On Wednesday (8 November), the council’s Cabinet agreed proposals to turn 14 of its 39 centres into ‘children and family centres’.
It follows a consultation over the summer which outlined plans to turn 12 of the county’s 39 children’s centres into ‘family hubs’.
Under the move, which sees two children’s centres given a reprieve, 14 ‘children and family centres’ will remain across Warwickshire. The aim of the centres will be to provide support to a wider age range of families with children up to 19 years old, or 25 if they have disabilities.
A further 16 children’s centres will be used to deliver outreach services, although these won’t meet the statutory criteria for what constitutes a children’s centre.
The remaining 11 children’s centres in Warwickshire will be de-registered, with the changes coming into effect from April 2018.
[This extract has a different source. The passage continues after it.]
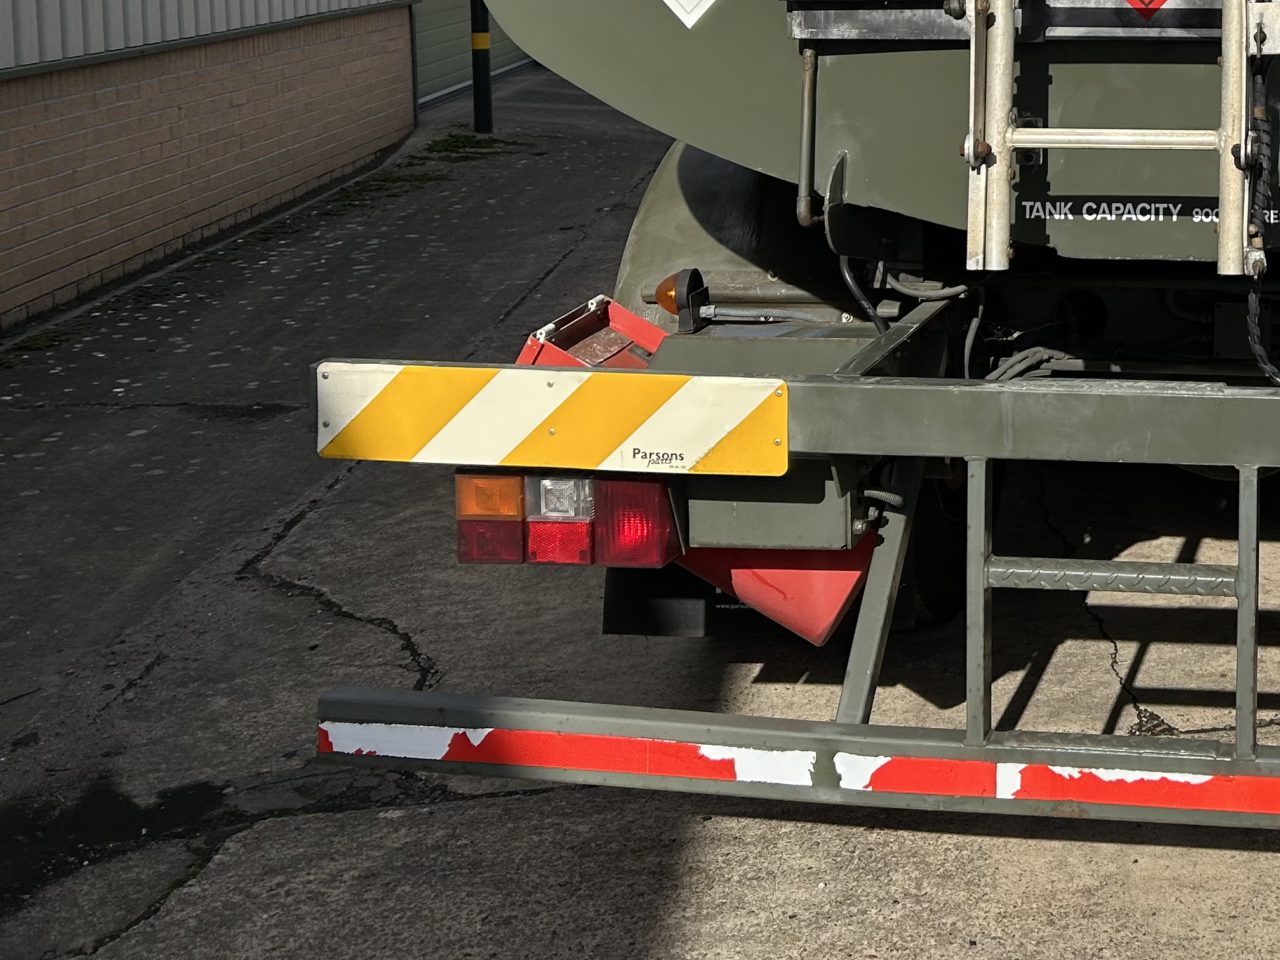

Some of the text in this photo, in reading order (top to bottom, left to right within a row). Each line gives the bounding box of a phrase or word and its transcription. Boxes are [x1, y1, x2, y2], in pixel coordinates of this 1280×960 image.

[1021, 200, 1074, 220] TANK
[1082, 201, 1183, 222] CAPACITY
[632, 447, 685, 461] Parsons
Jess Tomlinson from the Save Warwickshire Children’s Centres campaign group said, 'Children's centres are what helped me become the mum I am today. We moved to Nuneaton not knowing any other parents. I don't have a relationship with my mum so I didn't really have anyone I could turn to for help in the days after my eldest child's birth. Children's centre staff helped me gain confidence in my parenting and gave me advice when I needed it.
'My youngest son was born in Nuneaton and has always used children's centres.The support we received from the centres when it was discovered that my son wasn't hitting his milestones was amazing.'
She added, 'I am a firm believer that early intervention is key to children having the best start in life. To cut the services again now after cutting them to the bone in 20013 doesn't make sense. I understand the council has to make more cuts, but there must be a limit. Other children's services are on their knees. There is a 86-week waiting list for CAMHS (Child and Adolescent Mental Health Services) and it takes, on average, two years to get an ASD (Autism Spectrum Disorder) diagnosis across Wawickshire at the moment. The knock-on effect it will have will last for generations.
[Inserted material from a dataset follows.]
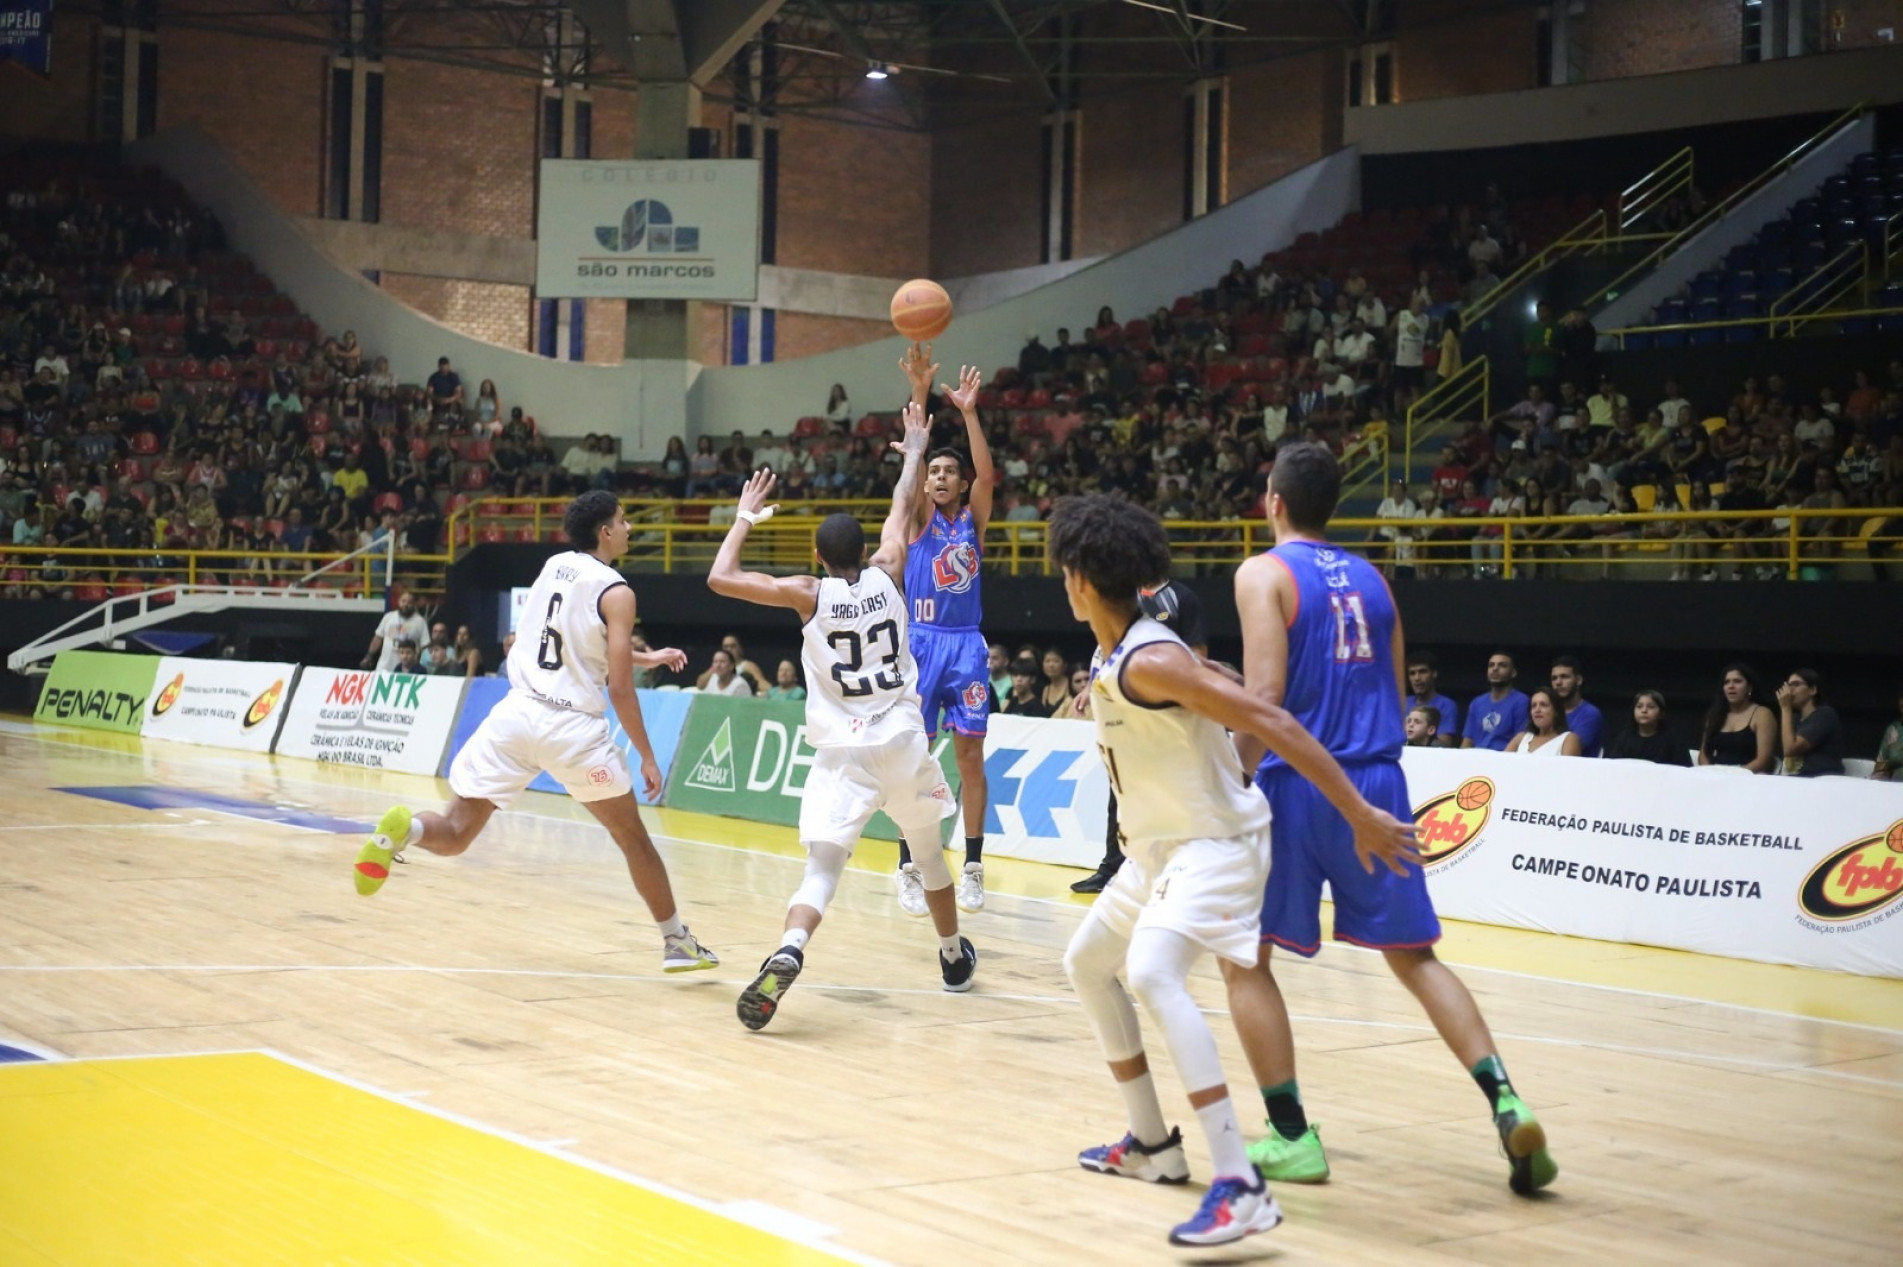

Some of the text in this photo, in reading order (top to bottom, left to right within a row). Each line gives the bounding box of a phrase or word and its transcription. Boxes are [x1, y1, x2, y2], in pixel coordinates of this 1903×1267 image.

'What happens to the children that slip through the net? The new centres will be expected to cater to a much larger number of people with less buildings. They will not be able to cope with the workload and there will be children that end up lost in the system with families getting no support at all. Childrens centres should be cherished, more money should be put into early years provision, not taken away.'
Warwickshire County Councillor Jeff Morgan, portfolio holder for children’s services, said, ‘We have made an important decision which will enable us to offer quality services for all, and better support for those families who need us most.
‘We have to do things differently in order to prioritise our services rather than buildings, some of which are expensive to maintain and not being used efficiently. We have to invest our budget in developing appropriate and future-proof services which help people to help themselves and identify potential issues as early as possible.
‘We know that currently children’s centres aren’t suitable for everyone, and that the system needs a radical rethink in order for us to do the best for the most people. Any period of change is unsettling and we have taken every opportunity to listen to people’s concerns and offer reassurance where we can.
'The consultation had an incredible response which clearly demonstrates how important and valued our early years services are. We have listened to people, taking on board what they value the most and this has been reflected in the plans. We are committed to building on the successful foundations laid by our children’s centres as we begin work with partners and community groups to reshape our offer to Warwickshire families.’